▶ **EXERCISE**
Give again the lines from the line with "this 1600×1200 image." to the last line of the records, exactly and in full. Do not carry over any pictures.

[Referring expression grounding data]
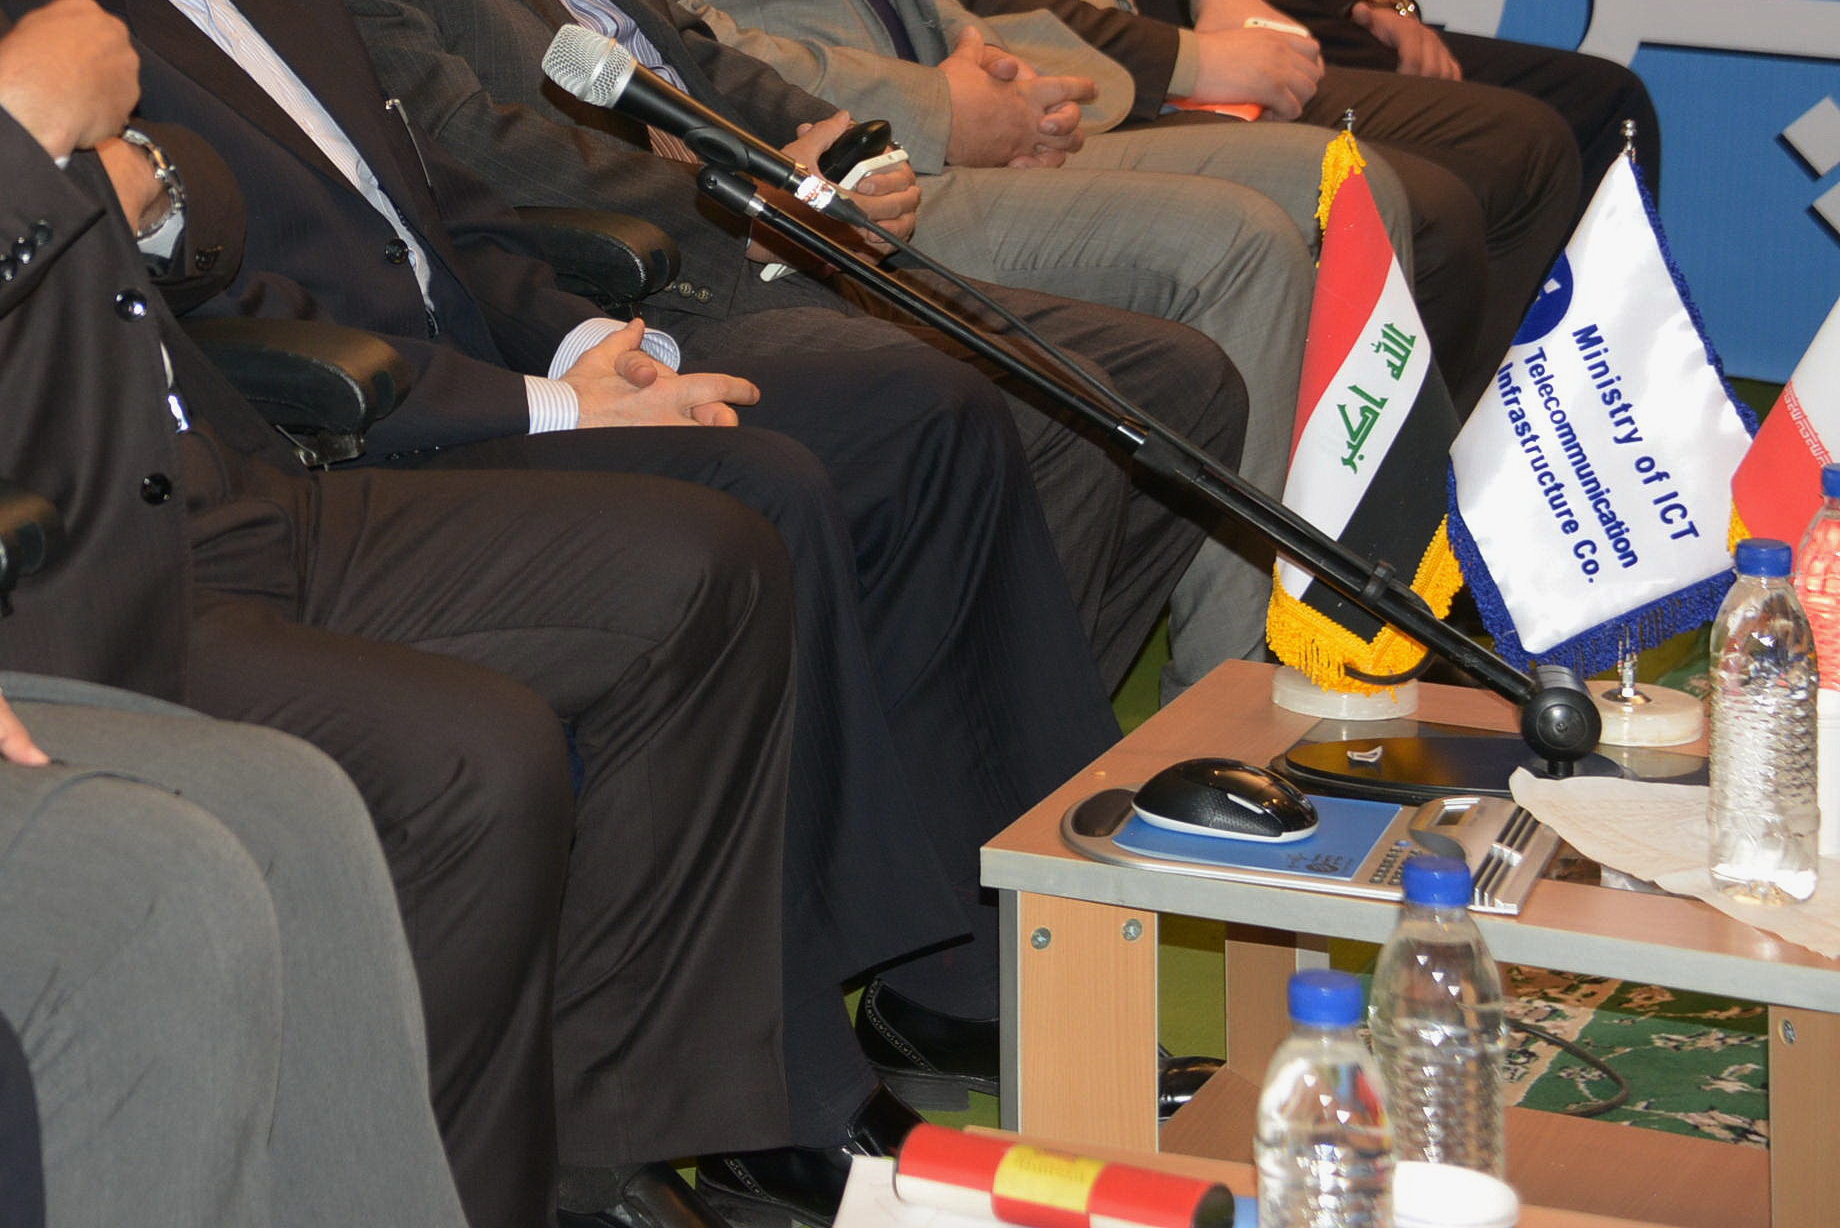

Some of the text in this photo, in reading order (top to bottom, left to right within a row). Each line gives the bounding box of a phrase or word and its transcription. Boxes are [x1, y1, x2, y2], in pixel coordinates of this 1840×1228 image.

[1497, 361, 1600, 583] Infrastructure Co.
[1523, 346, 1639, 569] Telecommunication
[1572, 323, 1700, 541] Ministry of ICT
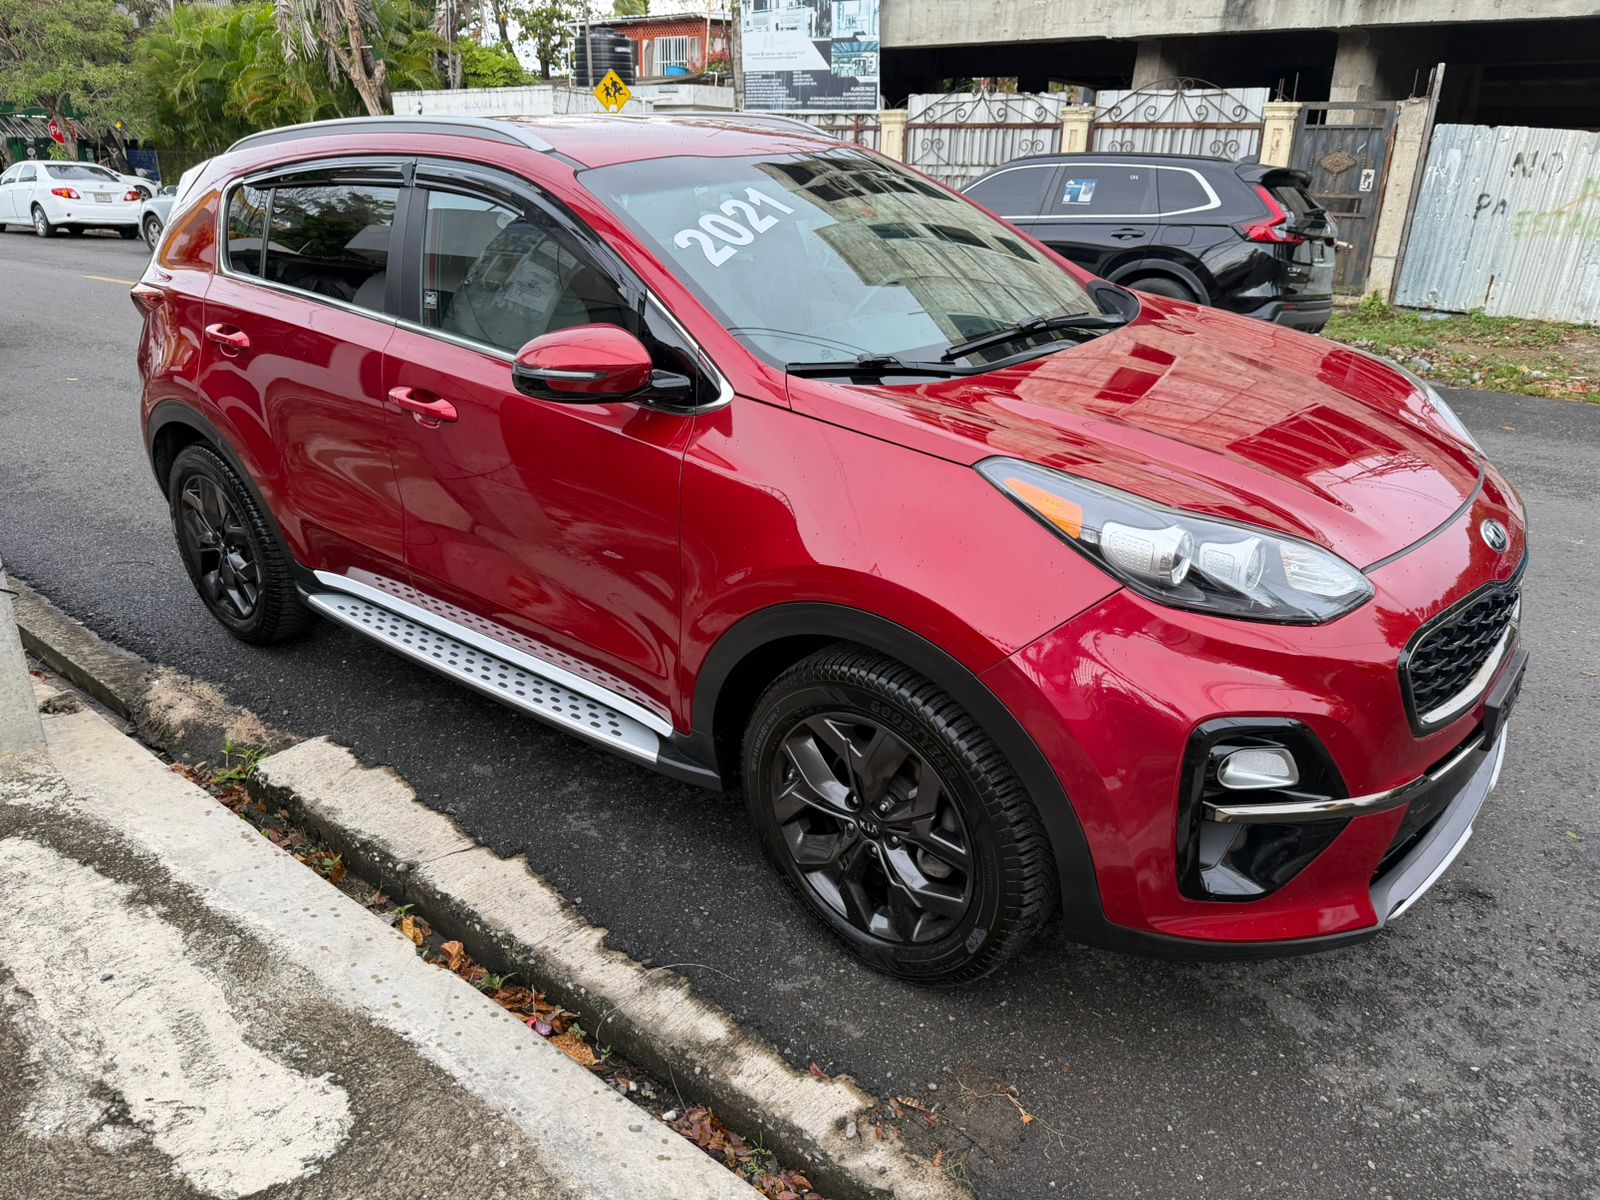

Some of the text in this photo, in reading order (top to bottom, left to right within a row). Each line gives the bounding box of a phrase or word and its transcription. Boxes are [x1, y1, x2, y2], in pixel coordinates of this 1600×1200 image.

[1510, 150, 1564, 178] NO
[673, 186, 794, 267] 2021
[859, 819, 880, 834] KIA
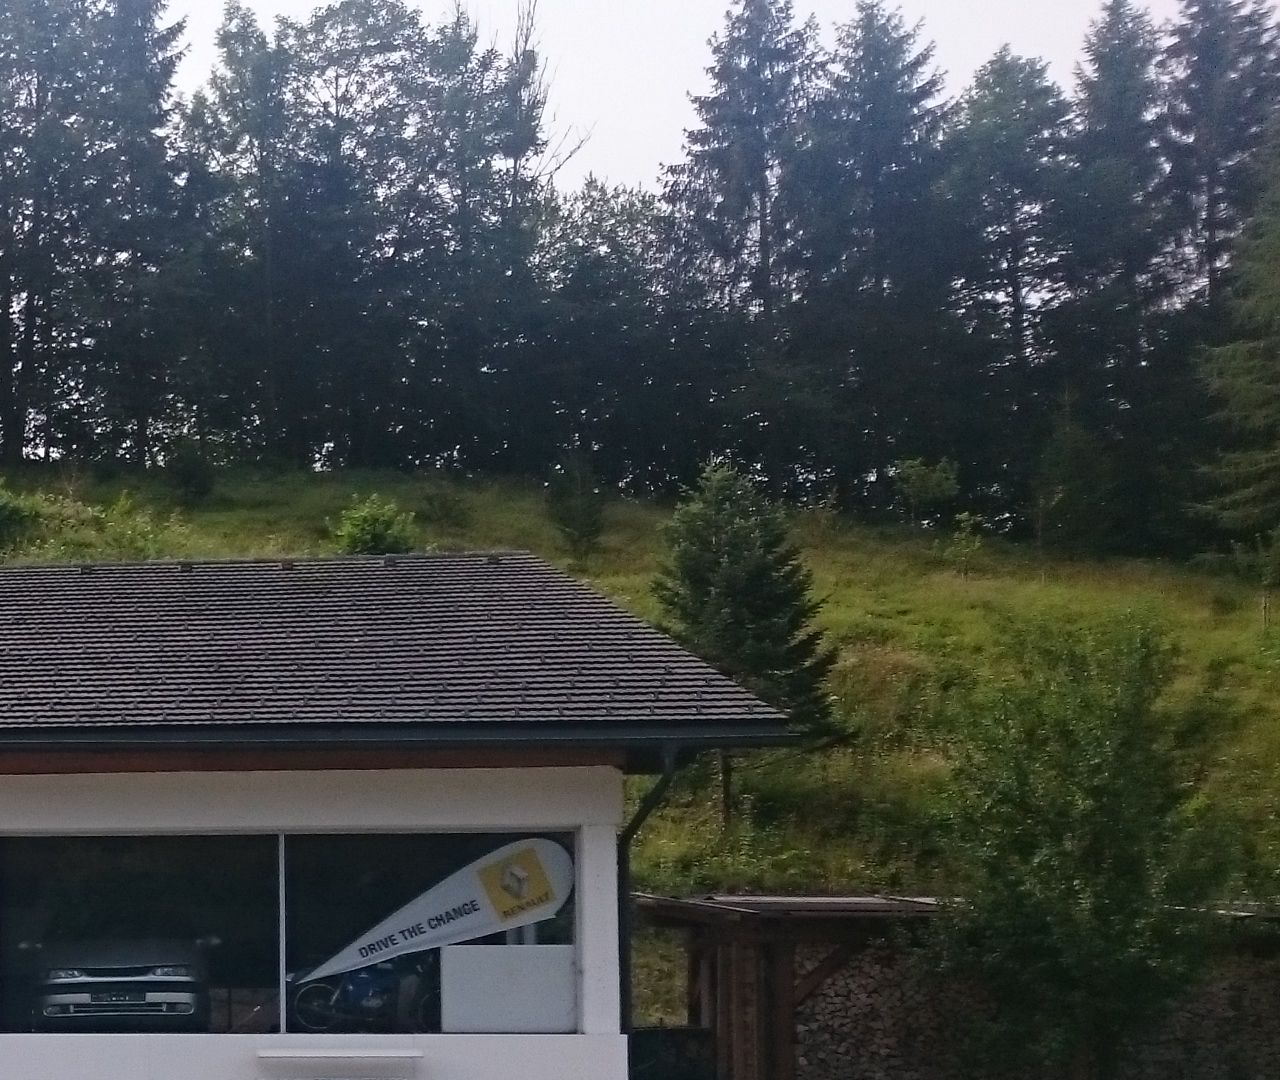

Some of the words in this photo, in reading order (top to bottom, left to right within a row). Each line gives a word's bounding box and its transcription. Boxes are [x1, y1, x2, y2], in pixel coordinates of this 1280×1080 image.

[503, 892, 551, 919] RENAULT
[358, 934, 400, 958] DRIVE
[399, 922, 427, 941] THE
[427, 900, 481, 930] CHANGE
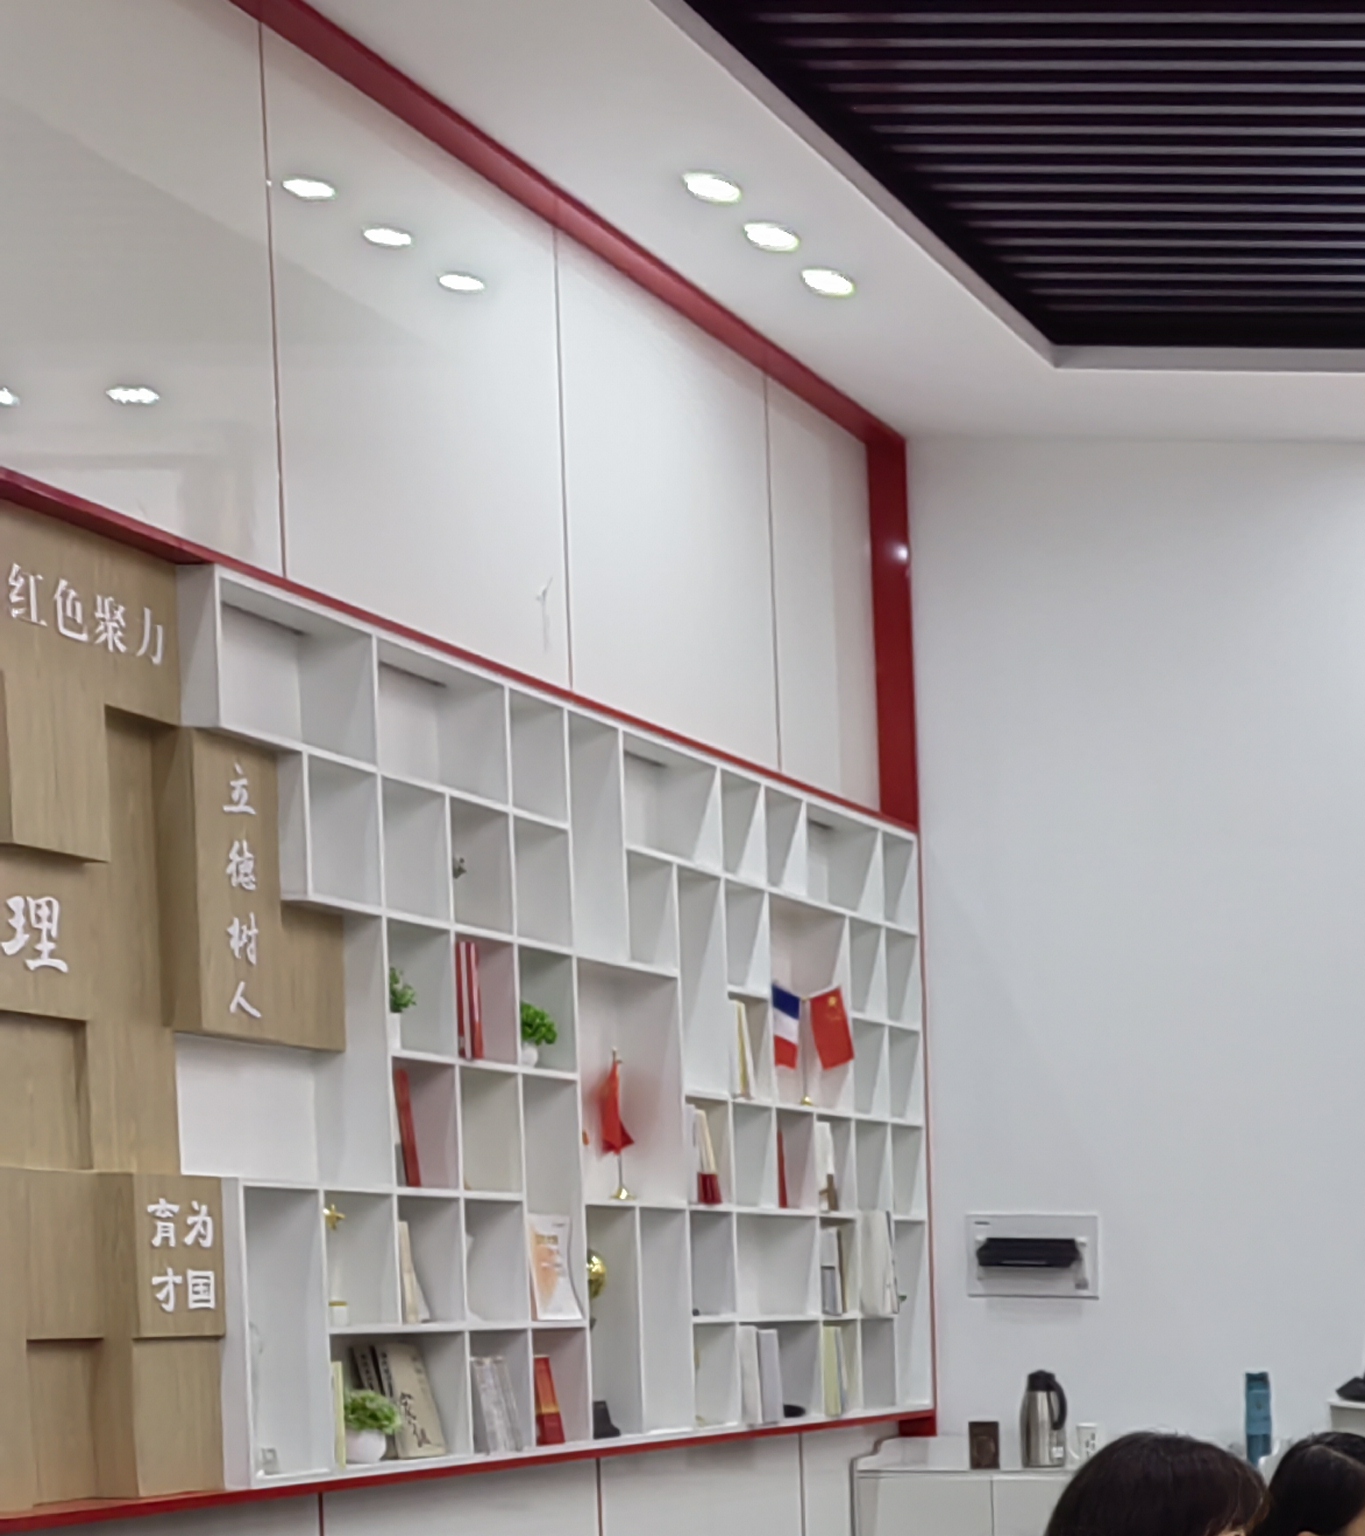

▶ **TASK RESULT**
Some of the text in this photo, in reading order (top to bottom, left to right within a row). Each line gives the bounding box of a phrase or word and its transcription. Boxes are [x1, y1, x2, y2], in pixel coordinates of this 1600×1200 image.

[1510, 150, 1564, 178] NO
[673, 186, 794, 267] 2021
[859, 819, 880, 834] KIA

Some of the words in this photo, in reading order (top to bottom, left to right within a row). Each line gives a word's bounding box and its transcription. Boxes are [x1, y1, x2, y2], in pixel coordinates of this 1280×1080 image.

[503, 892, 551, 919] RENAULT
[358, 934, 400, 958] DRIVE
[399, 922, 427, 941] THE
[427, 900, 481, 930] CHANGE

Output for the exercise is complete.